Brentuximab vedotin was made available via a Named Patient Program (NPP) to non-US/Canadian patients with relapsed/refractory (R/R) Hodgkin lymphoma (HL) or systemic anaplastic large-cell lymphoma (sALCL) until approval in their respective countries. We re-evaluated the efficacy and safety NPP data in a pooled analysis. Through a systematic literature review, 21 NPP publications were identified describing 14 cohorts (N=245). Among patients with a specified diagnosis, 207 had HL, 28 had ALCL, and one had CD30+ T-cell lymphoma (not specified). In cohorts reporting response, overall response and complete remission rates were 67% and 26%, respectively, in R/R HL, and 75% and 74%, respectively, in R/R ALCL. Incidences of grade 3/4 neurologic and hematologic toxicities were 6% and 12%, respectively; 5% of patients discontinued because of toxicity. In real-world practice, response rates and tolerability to brentuximab vedotin are similar to those reported in the two pivotal phase 2 trials in these settings.

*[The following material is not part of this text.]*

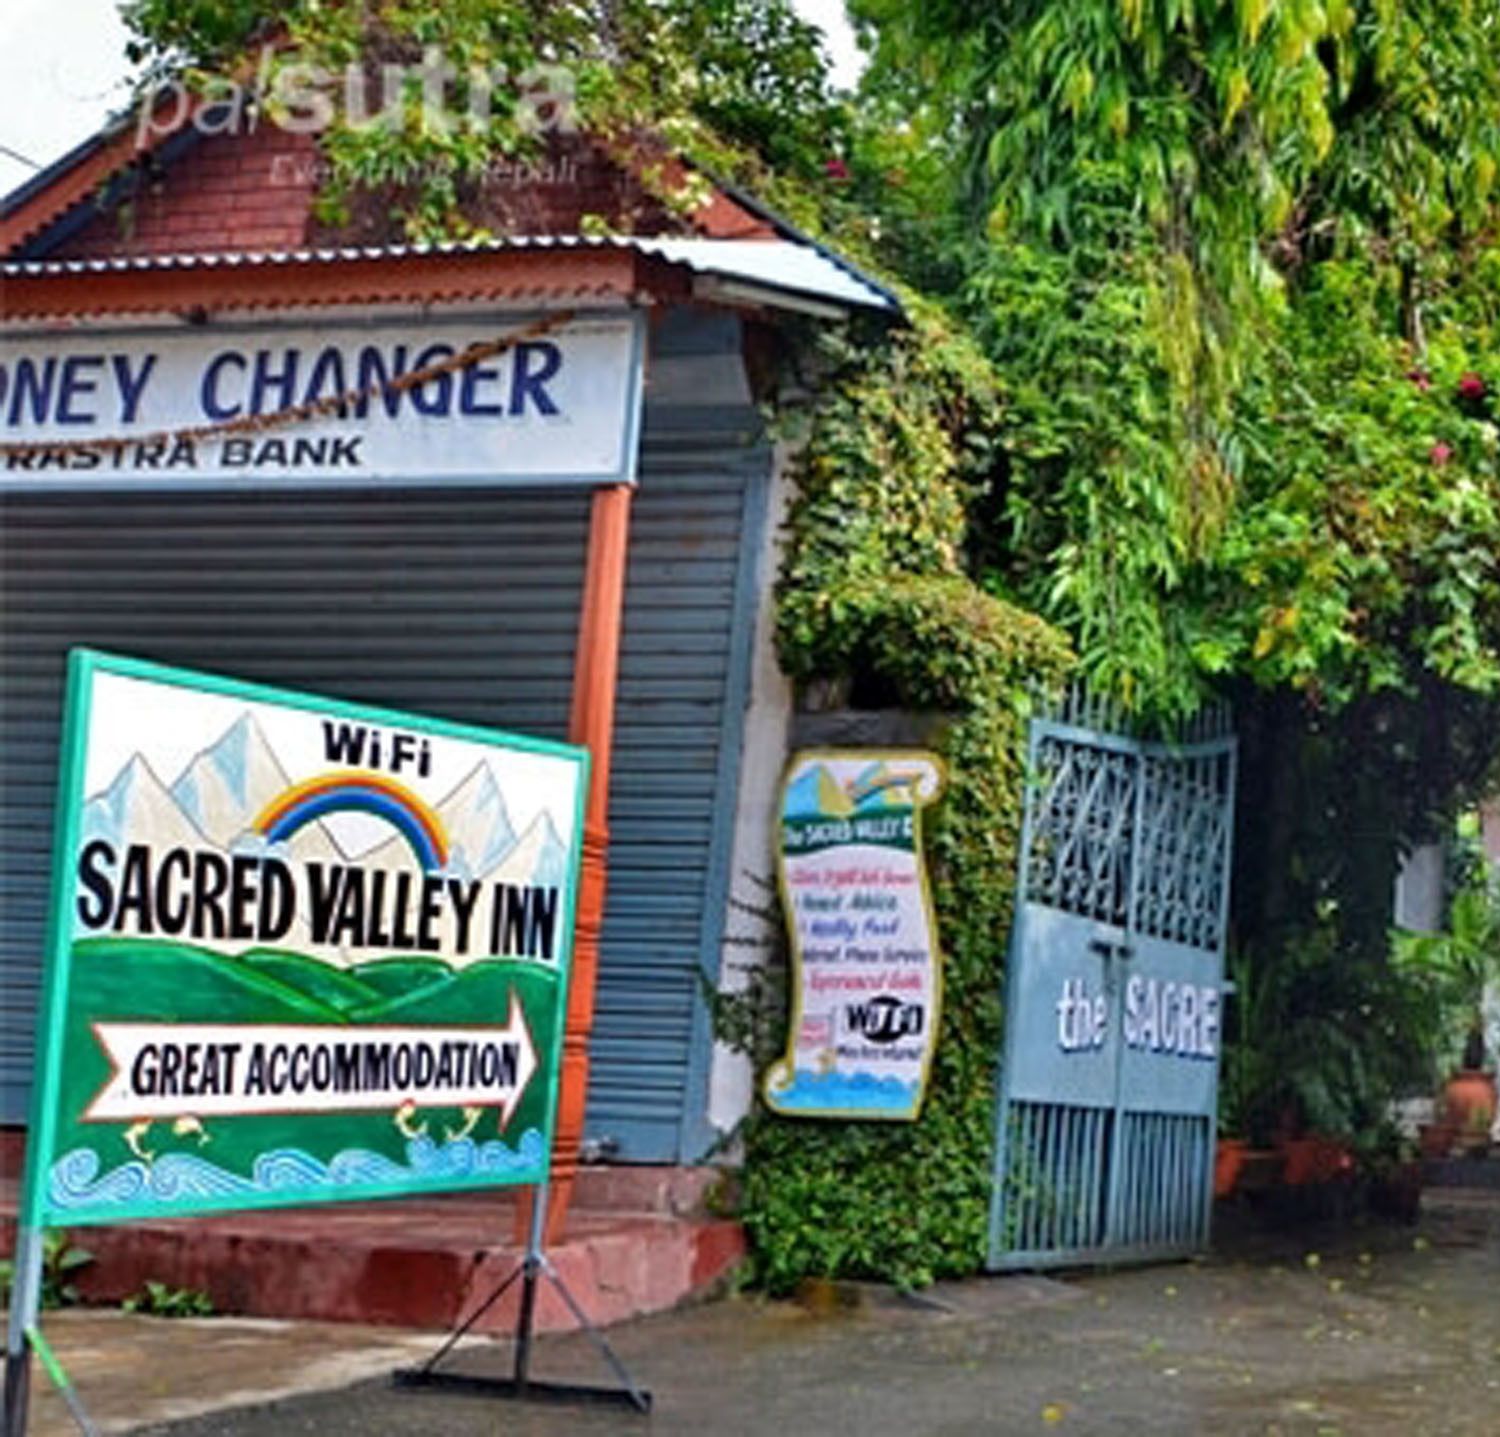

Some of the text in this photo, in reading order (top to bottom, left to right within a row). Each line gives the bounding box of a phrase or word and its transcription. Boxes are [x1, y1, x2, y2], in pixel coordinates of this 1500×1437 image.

在其各自国家获批之前,通过指定患者计划(NPP)向复发/难治性(R/R)霍奇金淋巴瘤(HL)或系统性间变性大细胞淋巴瘤(sALCL)的非美国/加拿大患者提供本妥昔单抗。我们在一项汇总分析中重新评估了NPP数据的疗效和安全性。通过系统的文献综述,确定了21篇NPP出版物,描述了14个队列(N=245)。在有明确诊断的患者中,207例患有HL,28例患有ALCL,1例患有CD30+T细胞淋巴瘤(未明确)。在报告缓解情况的队列中,R/R HL的总体缓解率和完全缓解率分别为67%和26%,R/R ALCL的总体缓解率和完全缓解率分别为75%和74%。3/4级神经毒性和血液学毒性的发生率分别为6%和12%;5%的患者因毒性而停药。在实际临床实践中,本妥昔单抗的缓解率和耐受性与在这些情况下的两项关键2期试验中报告的相似。